The statute provides that mechanics' liens shall extend to all the interest and title of the owner in and to the premises improved, not exceeding one acre if within the limits of an incorporated city or village. G. S. 1923, § 8492. The lien extends to the entire tract if it does not exceed the prescribed area. If the entire tract is larger than the prescribed area, a tract not exceeding that area and including the improvements must be carved out of the larger tract. Since the amendment to the Constitution in 1888 homesteads are subject to mechanics' liens to the same extent as other real estate. Nickerson v. Crawford,
Assuming that appellant could divide her homestead into two parcels and, by relinquishing her homestead rights in one of such parcels, could give it the status of a separate tract distinct from and not connected with the homestead, yet what she did in the present case cannot be construed as bringing about any such result. It did not amount to a relinquishment of her homestead rights in either parcel. The only facts claimed as a basis for her contention are those above stated and the further fact that the permits, issued by the building inspector for the construction of the building, specified the rear 42 feet of the lots as the site upon which it was to be erected.

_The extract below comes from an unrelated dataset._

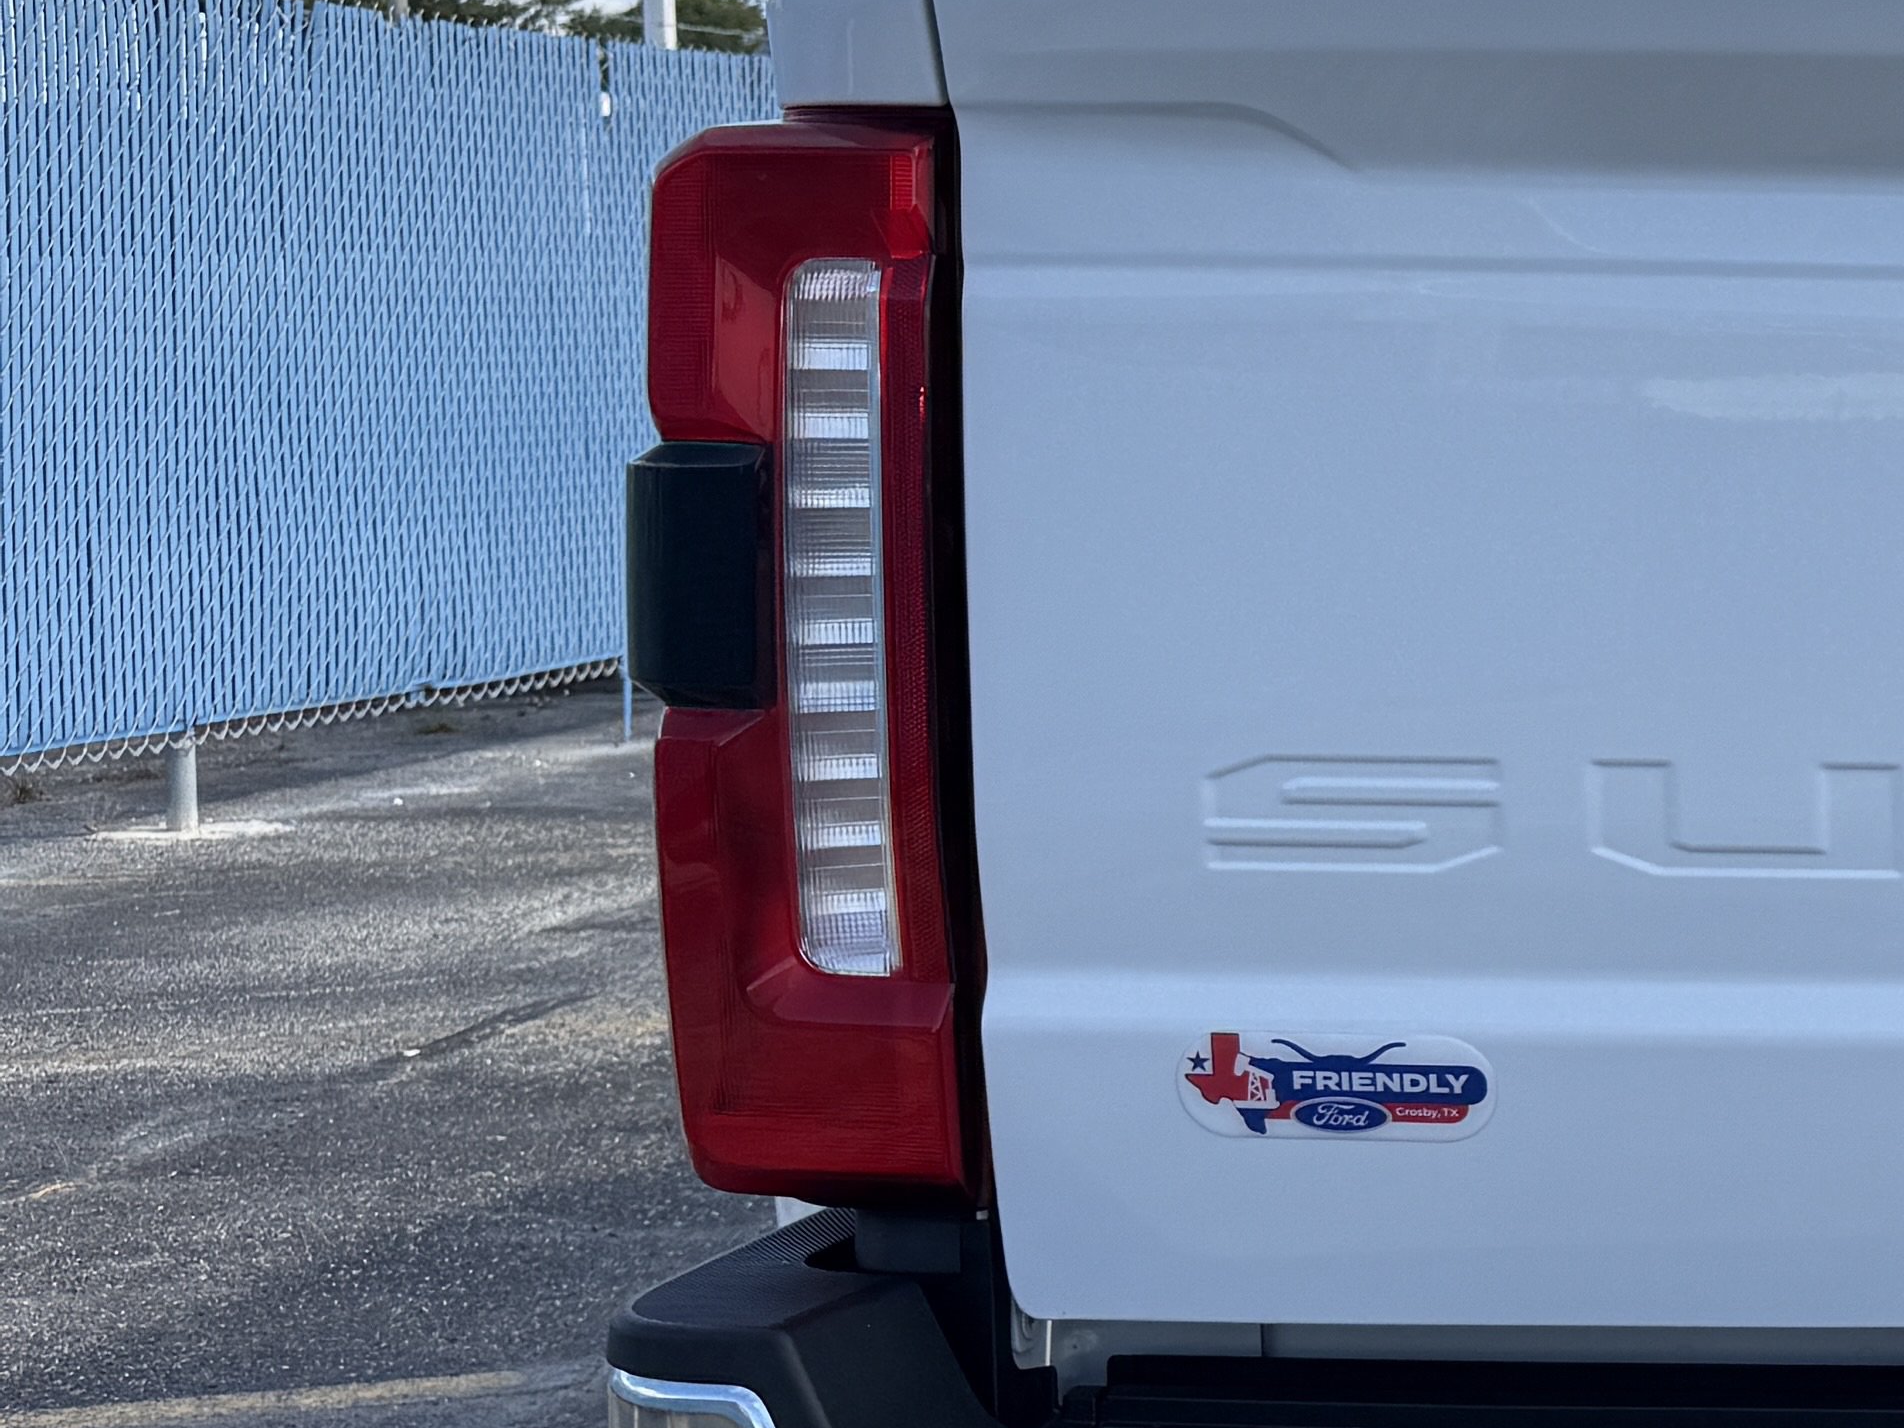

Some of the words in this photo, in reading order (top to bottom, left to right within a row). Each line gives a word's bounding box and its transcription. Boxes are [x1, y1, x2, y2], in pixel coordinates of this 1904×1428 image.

[1292, 1070, 1470, 1094] FRIENDLY
[1312, 1103, 1369, 1127] Ford
[1396, 1106, 1441, 1119] Crosby,
[1443, 1109, 1460, 1118] TX

There is no limitation upon the uses to which a homestead may be put except that it must be occupied as a home. If the owner occupies it as his home, constructing other buildings upon it for rent, or using parts of it for business purposes, does not impair or affect his homestead right. Jacoby v. Parkland Distilling Co.
The question has usually arisen in cases where general creditors have sought to reach a part of the homestead on the ground that *181 the owner, by using it for some purpose other than his residence, had waived his homestead right in such part. But any use of the property or action of the owner which would terminate the homestead right therein would render it subject to seizure by general creditors. The owner may, doubtless, waive his homestead right in all or a part of his homestead, but only by some act evidencing an unequivocal intention to do so. The presumption is against any such waiver, and merely devoting a part of the tract to some purpose other than that of a residence is not sufficient to operate as such under our statutes. Under our statutes the erection of the building in question was merely an improvement of the homestead, and the liens in dispute extended to the entire tract.
Judgment affirmed.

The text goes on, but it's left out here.